> _Collection entries_
=== Begin Enclosure ===
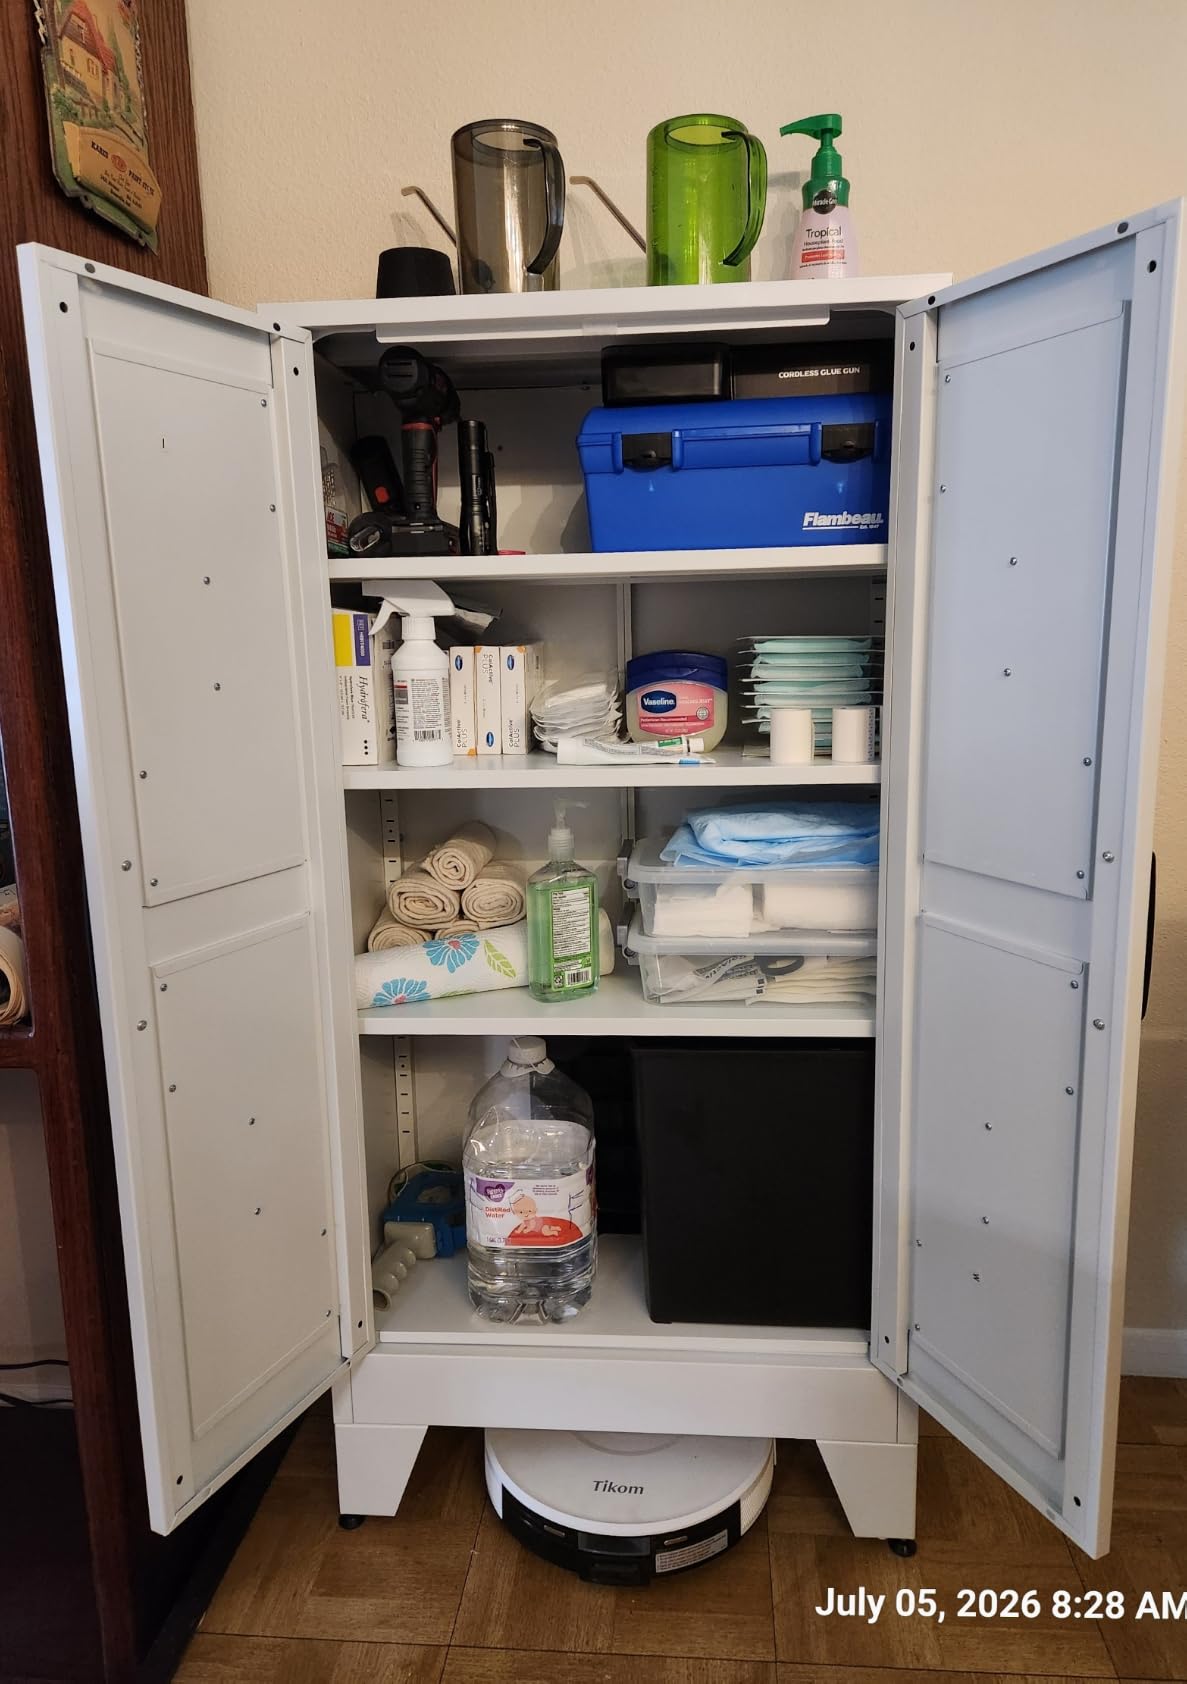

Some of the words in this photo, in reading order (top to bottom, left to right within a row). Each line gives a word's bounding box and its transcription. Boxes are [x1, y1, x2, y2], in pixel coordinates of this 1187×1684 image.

[806, 226, 842, 239] Tropical
[778, 369, 819, 379] CORDLESS
[820, 367, 842, 377] GLUE
[843, 366, 860, 375] GUN
[358, 675, 370, 720] Hydrofera
[643, 698, 675, 706] Vaseline
[592, 1479, 645, 1496] Tikom
=== End Enclosure ===
> _What you should do_
With the images omitted, output all entries exactly as given.

> _Response area_
Some of the words in this photo, in reading order (top to bottom, left to right within a row). Each line gives a word's bounding box and its transcription. Boxes are [x1, y1, x2, y2], in pixel coordinates of this 1187×1684 image.

[806, 226, 842, 239] Tropical
[778, 369, 819, 379] CORDLESS
[820, 367, 842, 377] GLUE
[843, 366, 860, 375] GUN
[358, 675, 370, 720] Hydrofera
[643, 698, 675, 706] Vaseline
[592, 1479, 645, 1496] Tikom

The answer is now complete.